* **Instructions for the task**: Your task is to transcribe the records exactly, skipping every image.
====== The input
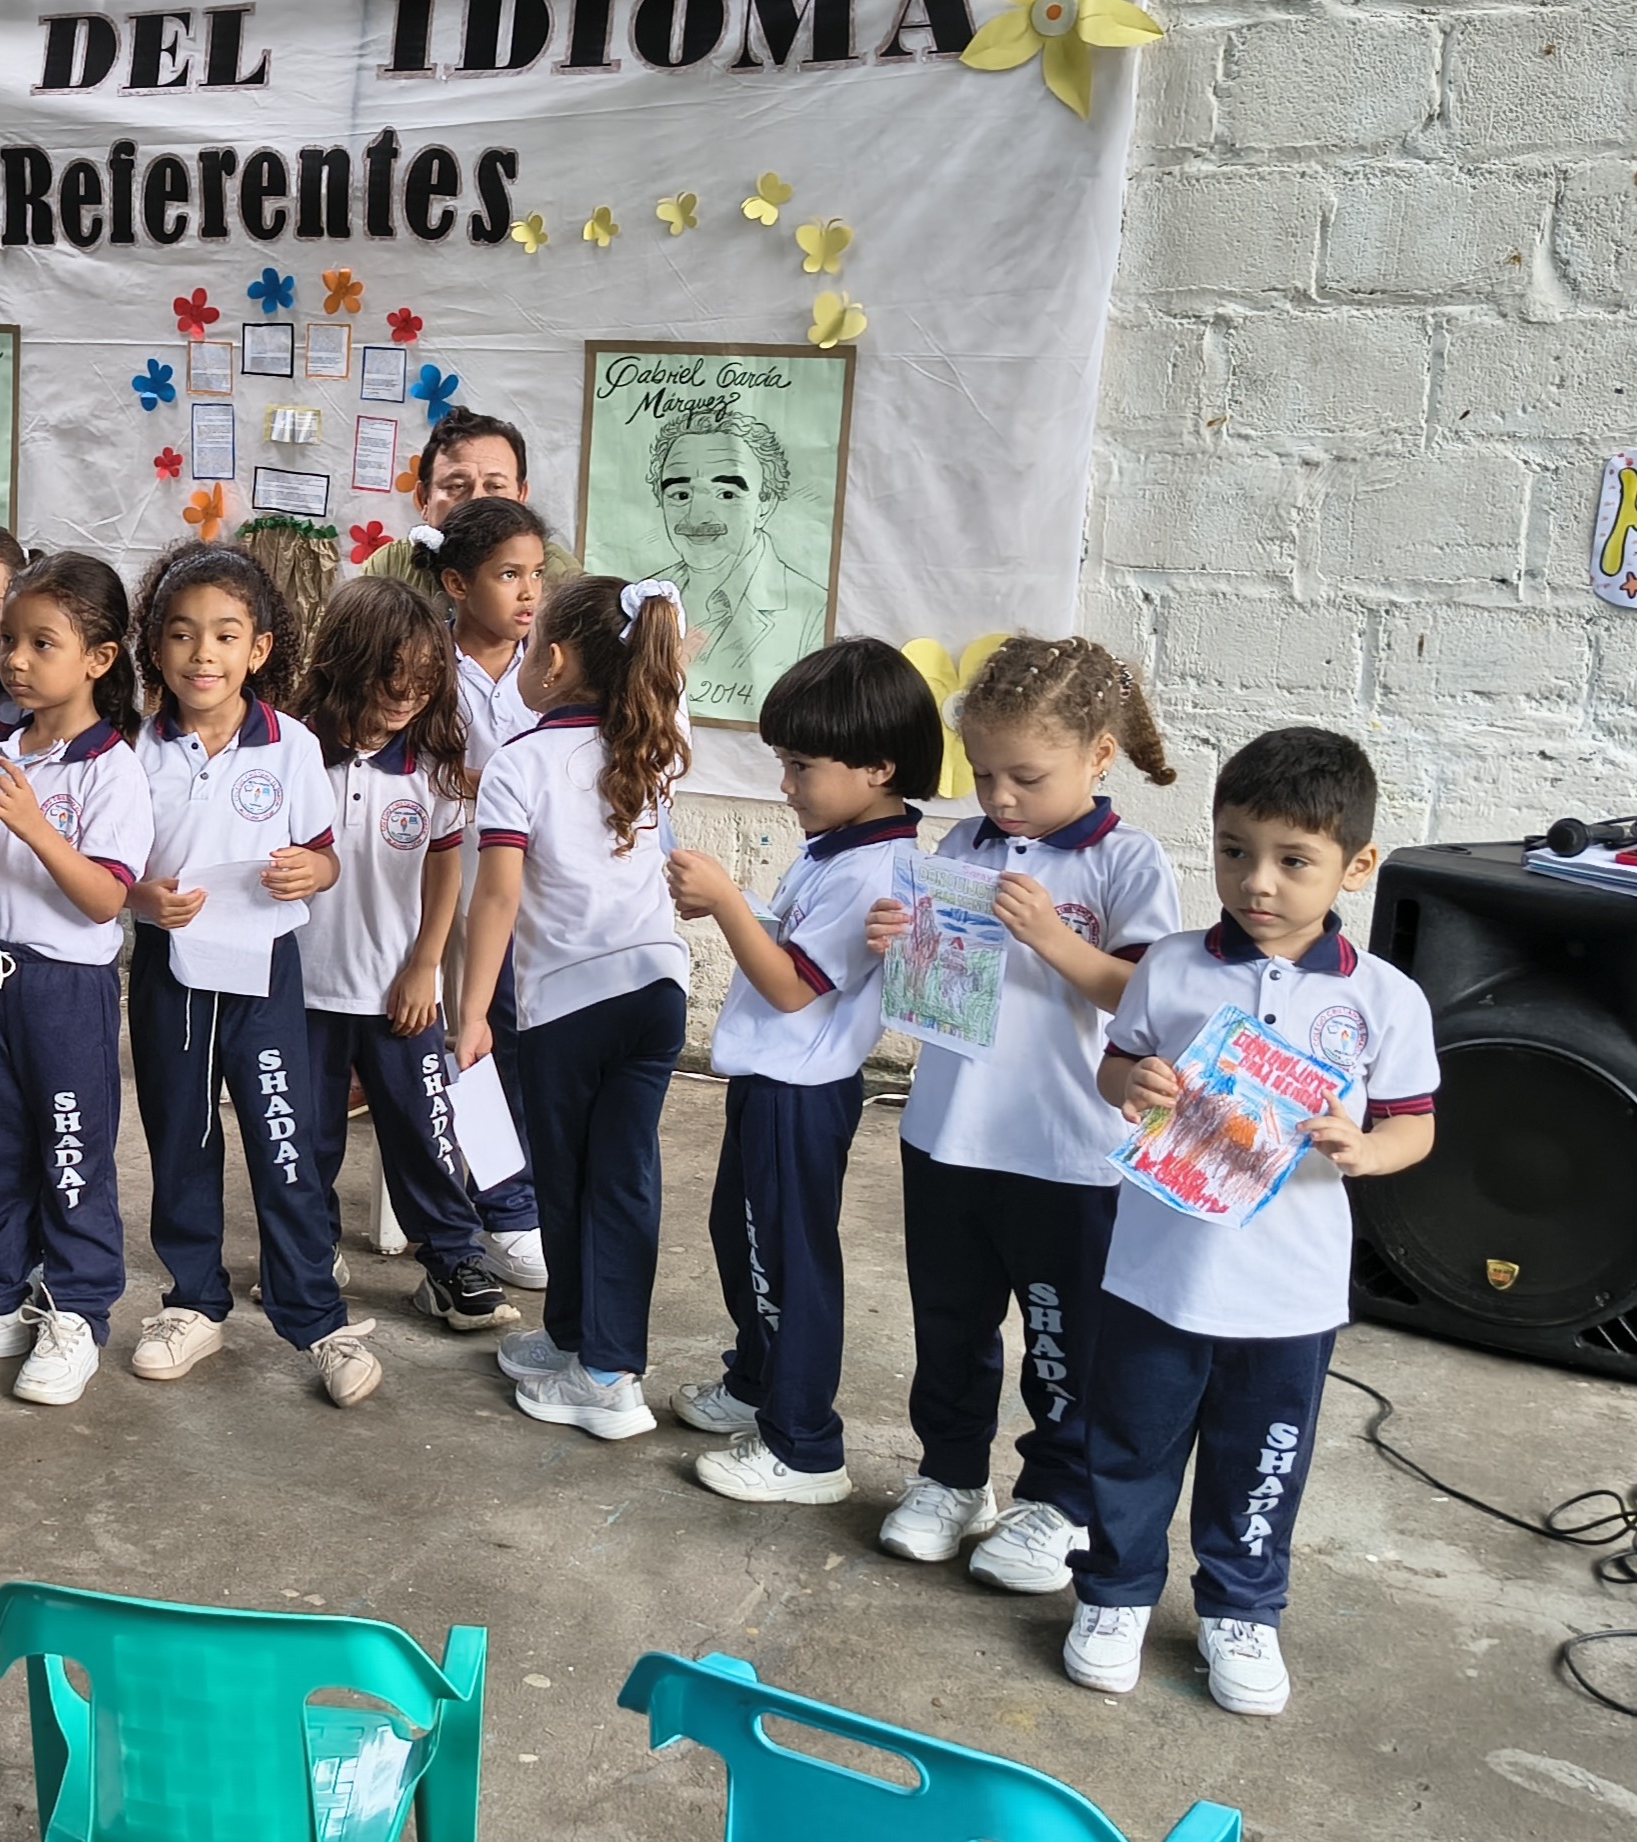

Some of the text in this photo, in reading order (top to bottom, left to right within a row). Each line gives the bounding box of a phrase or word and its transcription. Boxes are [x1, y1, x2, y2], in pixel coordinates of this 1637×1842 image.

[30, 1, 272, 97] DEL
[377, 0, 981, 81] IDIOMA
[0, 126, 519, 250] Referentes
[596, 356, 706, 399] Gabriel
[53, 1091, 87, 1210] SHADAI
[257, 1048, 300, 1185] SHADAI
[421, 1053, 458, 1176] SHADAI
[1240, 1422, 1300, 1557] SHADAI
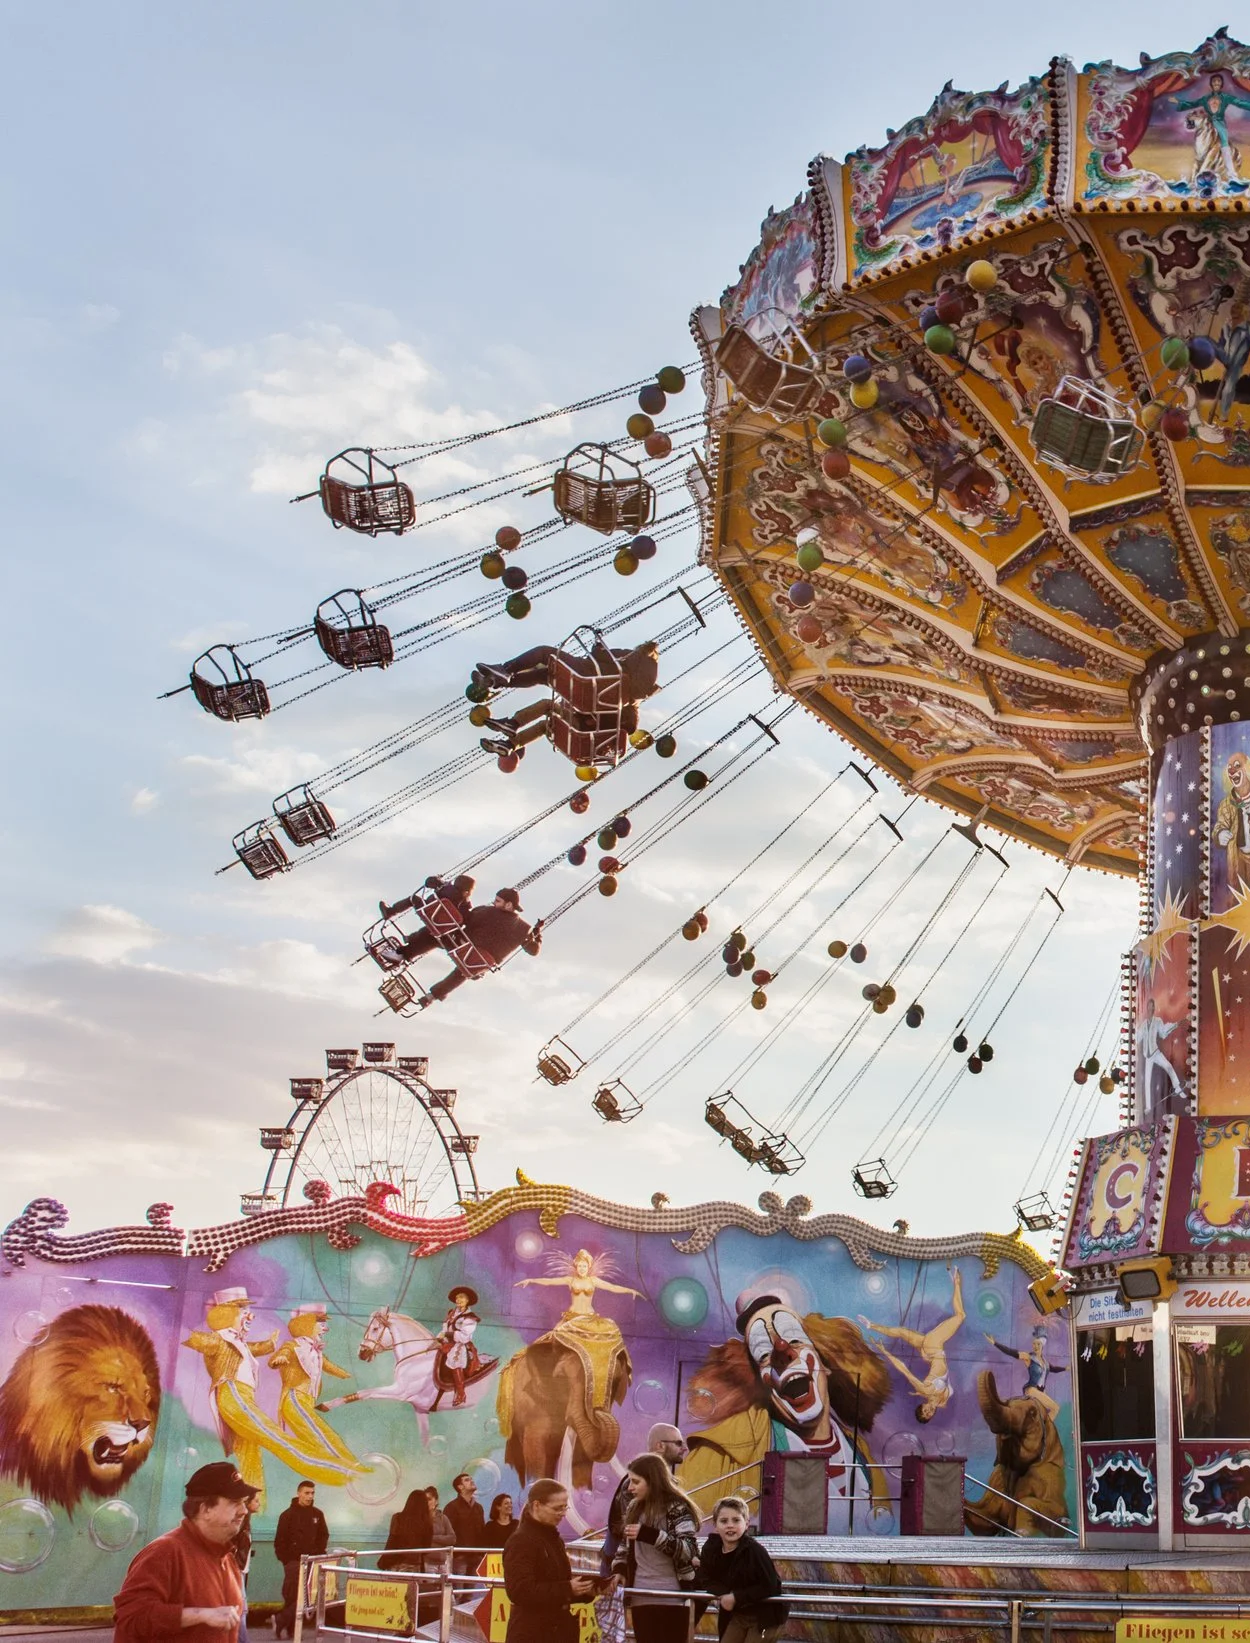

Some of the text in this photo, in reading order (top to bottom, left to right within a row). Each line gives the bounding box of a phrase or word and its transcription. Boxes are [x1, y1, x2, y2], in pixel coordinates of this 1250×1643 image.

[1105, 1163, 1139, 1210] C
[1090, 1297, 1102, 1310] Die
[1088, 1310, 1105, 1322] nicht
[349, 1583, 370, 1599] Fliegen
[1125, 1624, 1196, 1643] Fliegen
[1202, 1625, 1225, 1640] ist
============
* **Response**:
Some of the text in this photo, in reading order (top to bottom, left to right within a row). Each line gives the bounding box of a phrase or word and its transcription. Boxes are [x1, y1, x2, y2], in pixel coordinates of this 1637×1842 image.

[30, 1, 272, 97] DEL
[377, 0, 981, 81] IDIOMA
[0, 126, 519, 250] Referentes
[596, 356, 706, 399] Gabriel
[53, 1091, 87, 1210] SHADAI
[257, 1048, 300, 1185] SHADAI
[421, 1053, 458, 1176] SHADAI
[1240, 1422, 1300, 1557] SHADAI

Some of the text in this photo, in reading order (top to bottom, left to right within a row). Each line gives the bounding box of a phrase or word and its transcription. Boxes are [x1, y1, x2, y2], in pixel coordinates of this 1250×1643 image.

[1105, 1163, 1139, 1210] C
[1090, 1297, 1102, 1310] Die
[1088, 1310, 1105, 1322] nicht
[349, 1583, 370, 1599] Fliegen
[1125, 1624, 1196, 1643] Fliegen
[1202, 1625, 1225, 1640] ist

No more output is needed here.